The nation responsible for producing an amount of food that serves 800 million people worldwide, Brazil could be the world’s top grain exporter in five years, outstripping the United States, according to a survey conducted by Embrapa, the Brazilian Agricultural Research Corporation.

The Latin American country’s share in the global food market rose from $20.6 billion to $100 billion in just ten years, data from Embrapa show, with meat, soy, corn, cotton and forest products as the highlights.

“Looking at the data from the last 20 years (2000 to 2020), Brazil’s grain production grew 210 percent, whereas the world’s increased 60 percent. Brazil is the fourth producer worldwide, but the second in exports of grains—essentially soybeans and corn,” Empresa Brasil de Comunicação quoted Elisio Contini, scientific researcher and intelligence manager of Embrapa’s Secretariat of Intelligence and Strategic Relations as saying.
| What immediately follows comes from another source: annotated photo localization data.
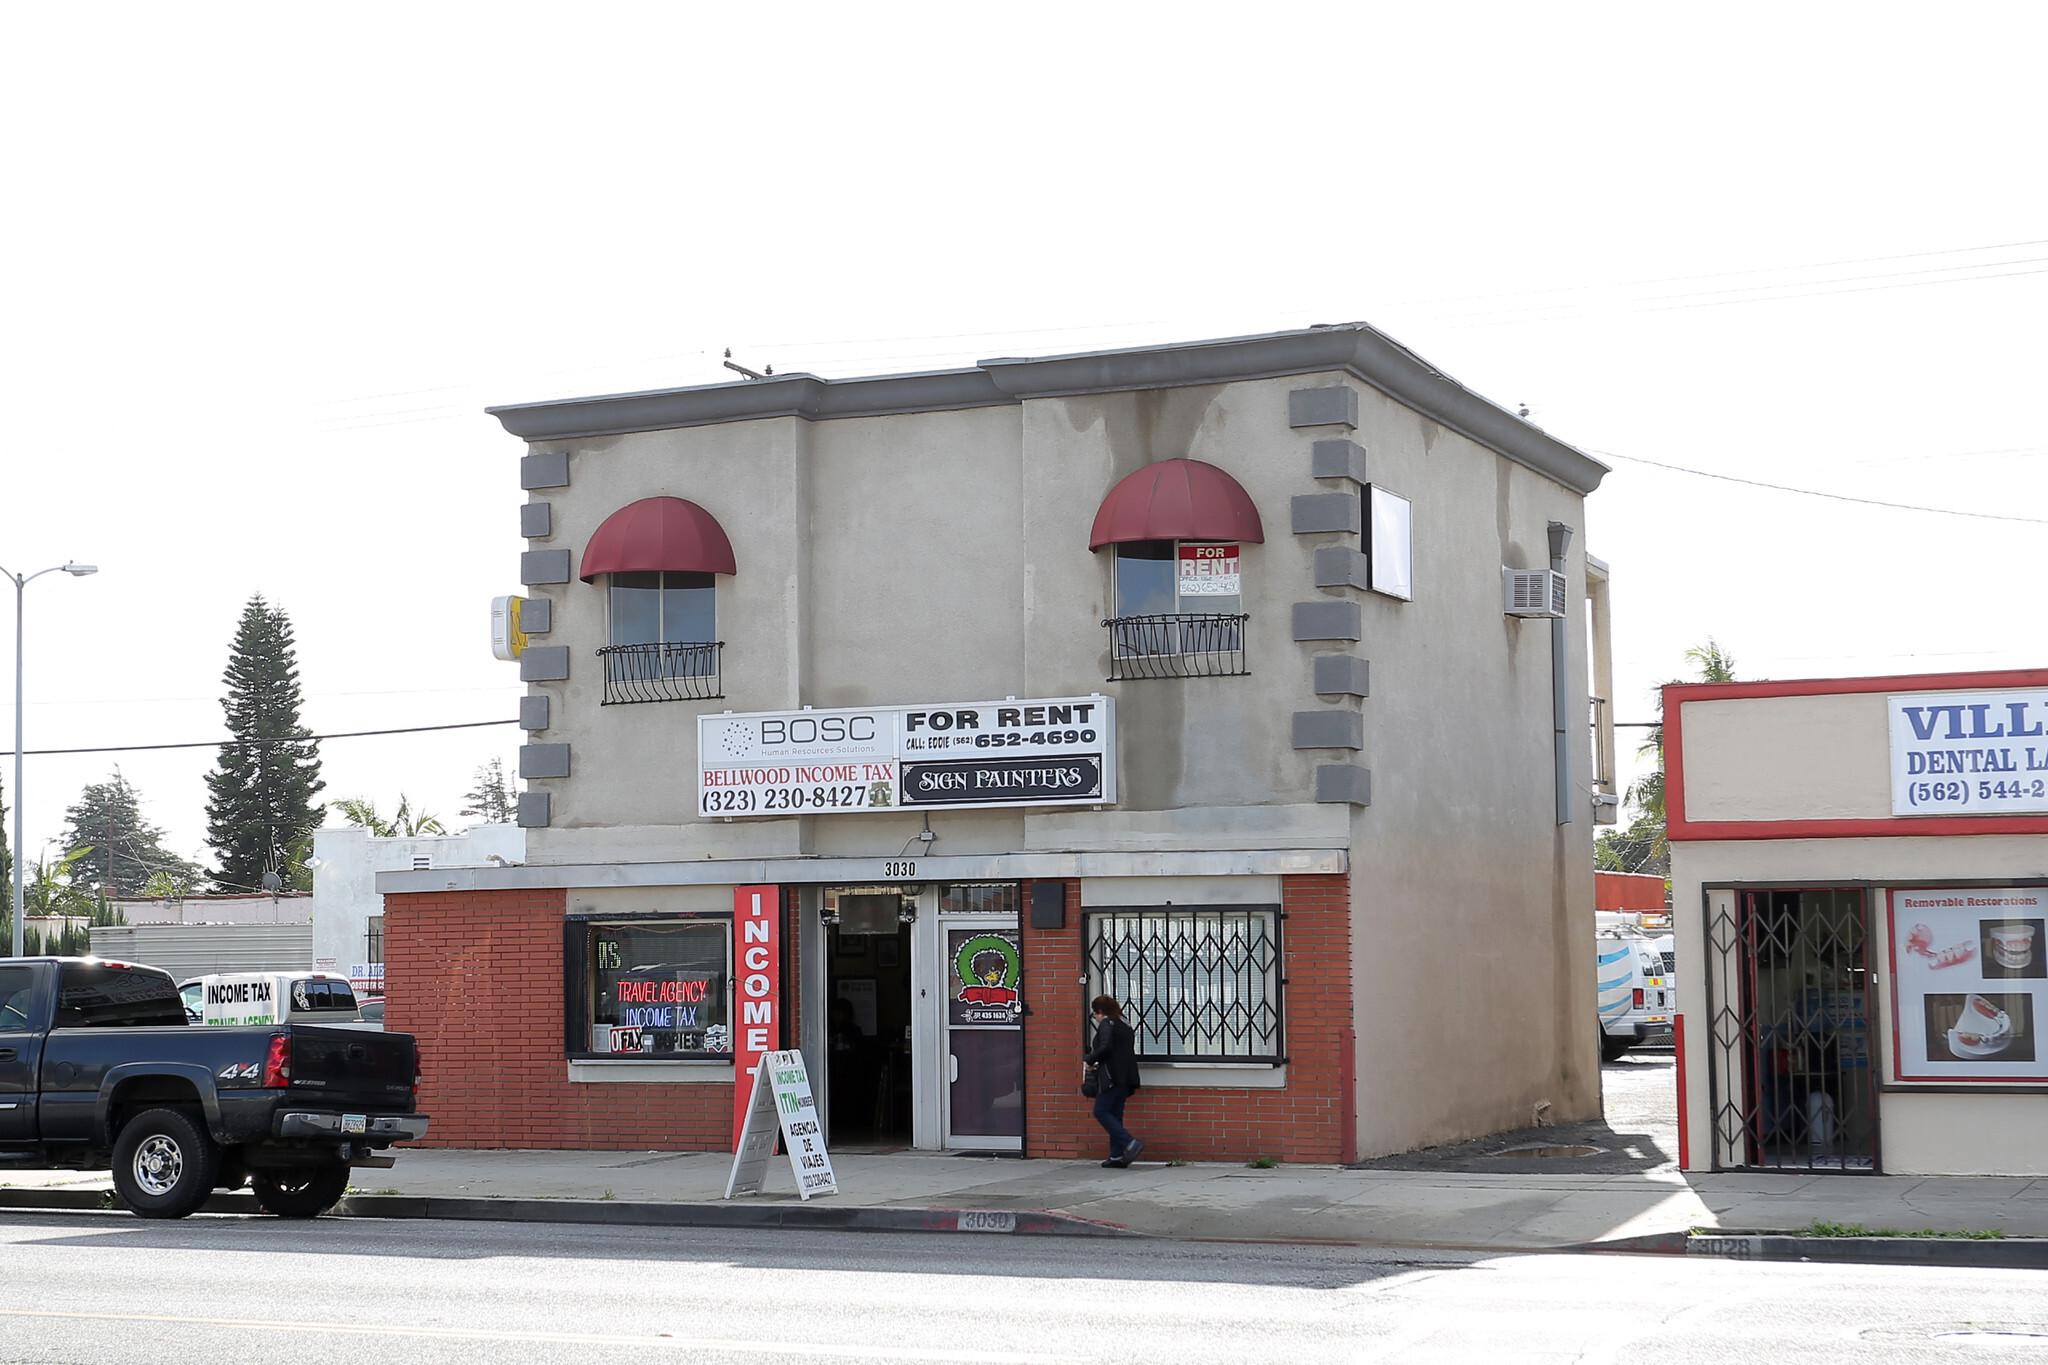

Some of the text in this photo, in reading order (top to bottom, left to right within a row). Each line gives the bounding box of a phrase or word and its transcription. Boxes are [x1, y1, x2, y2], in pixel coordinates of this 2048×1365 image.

[1196, 547, 1225, 558] FOR
[1181, 557, 1238, 576] RENT
[906, 704, 1095, 732] FOR RENT
[1901, 702, 2048, 740] VILL
[761, 716, 875, 745] BOSC
[906, 738, 926, 751] CALL:
[952, 736, 974, 746] (562)
[974, 729, 1097, 748] 652-4690
[761, 745, 875, 757] Human Resources Solutions
[1907, 747, 2048, 775] DENTAL L
[703, 764, 894, 787] BELLWOOD INCOME TAX
[918, 766, 1083, 792] SIGN PAINTERS
[702, 786, 867, 812] (323) 230-8427
[1909, 780, 1970, 806] (562)
[884, 862, 916, 877] 3030
[1904, 896, 2039, 908] Removable Restorations
[351, 965, 367, 977] DR.
[743, 893, 772, 1051] INCOME
[207, 983, 249, 1005] INCOME
[251, 982, 271, 1002] TAX
[617, 980, 708, 1003] TRAVEL AGENCY
[625, 1006, 698, 1028] INCOME TAX
[775, 1070, 797, 1086] INCOME
[778, 1092, 800, 1114] ITIN
[789, 1120, 819, 1138] AGENCIA
[802, 1138, 814, 1153] DE
[799, 1153, 825, 1170] VIAJES
The world’s top grain exporter in 2020 was the US, with 138 million tons, followed by Brazil with 122 million tons. “In the next five years, Brazil should overtake the US in exports. Based on this history and with high product prices worldwide, Brazil’s output is likely to reach three percent of the world’s growth,” Contini added. “By 2050, Brazil’s production of grains may surpass 500 million tons, becoming even more central to the world’s food security,” he went on to state.

According to Contini, who is the co-author of the report titled “Brazilian agribusiness feeds 800 people grain production in Brazil from 2011 to 2020 grew 5.33 percent a year, compared to 2.03 percent globally. This means that Brazil grew more than twice as much as the world. Thus, Brazil has a “window of business opportunities” of at least 20 years—an opportunity that should not be missed. “After all, we’re becoming an economy of natural resources.”
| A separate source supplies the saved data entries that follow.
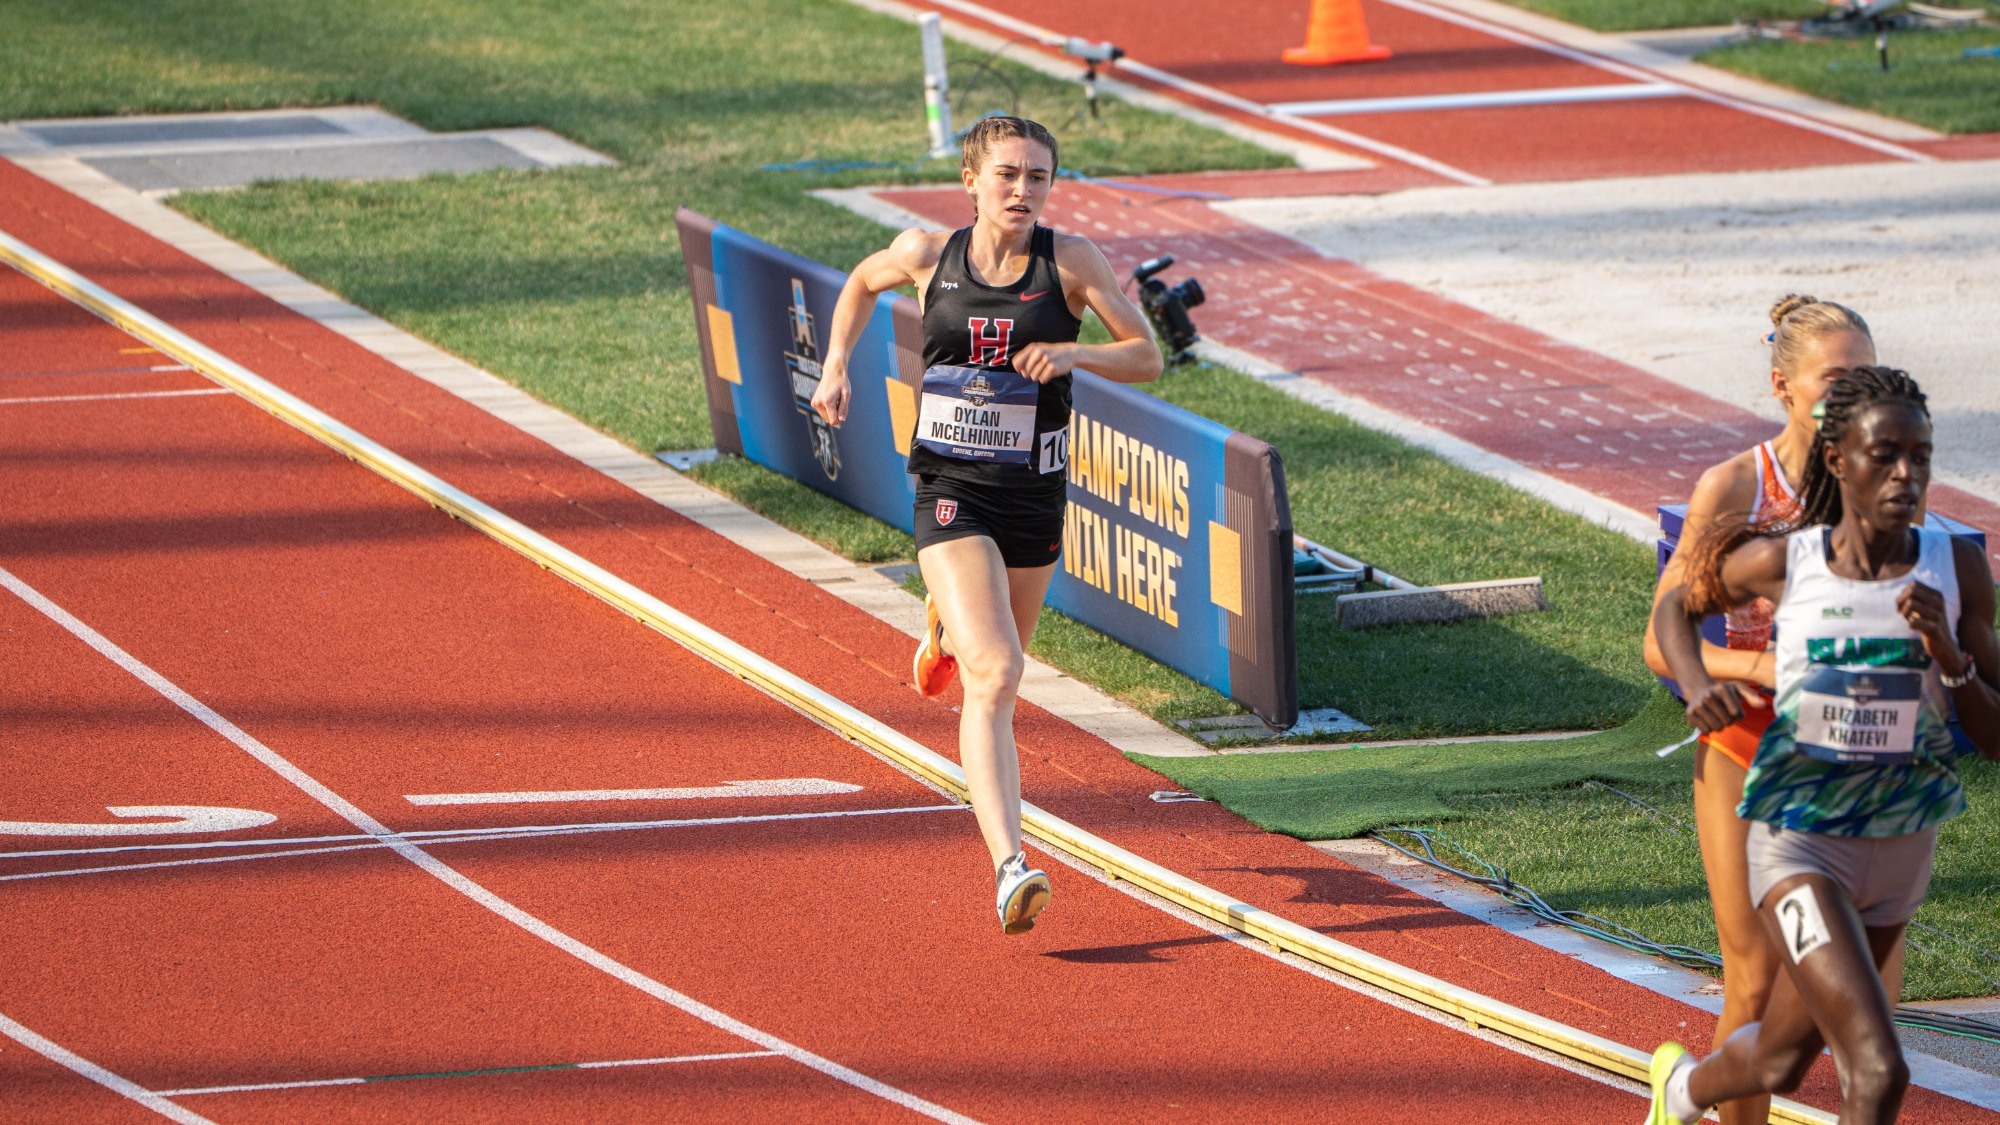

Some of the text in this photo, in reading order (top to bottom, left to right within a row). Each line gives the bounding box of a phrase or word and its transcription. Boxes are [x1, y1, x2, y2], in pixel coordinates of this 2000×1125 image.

[968, 317, 1014, 367] H
[954, 406, 1000, 427] DYLAN
[931, 422, 1021, 447] MCELHINNEY
[1044, 429, 1067, 468] 10
[940, 506, 952, 519] H
[1062, 501, 1111, 594] WIN
[1822, 705, 1898, 727] ELIZABETH
[1828, 728, 1889, 747] KHATEVI
[1782, 899, 1818, 953] 2
The country’s wealth of arable land is one of the factors working in favor of agribusiness.

“Part of the 160 million hectares of grazing land may be repurposed for grain production, with regular raining seasons like the Cerrado areas, world leaders in tropical technology and competent agricultural producers,” Contini argued, pointing out that the territories available for agriculture in other countries, like the US, are nearly exhausted.

Furthermore, he says, technology has the potential to boost national production, in the form of enhanced seeds, efficient supplies, higher-quality machinery across the world. “We need improvements in infrastructure and marketing for our products. The answer to the environmental solution is key to our exports,” he added.

While Brazil is able to feed 800 million around the world, many of Brazilians are going hungry. This January, 12.8% of Brazilians started living on less than R$ 246 per month (R$ 8.20 per day), a level of extreme poverty established by FGV Social. The rate is higher than that of the beginning of the previous decade (12.4%) and that of 2019 (11%).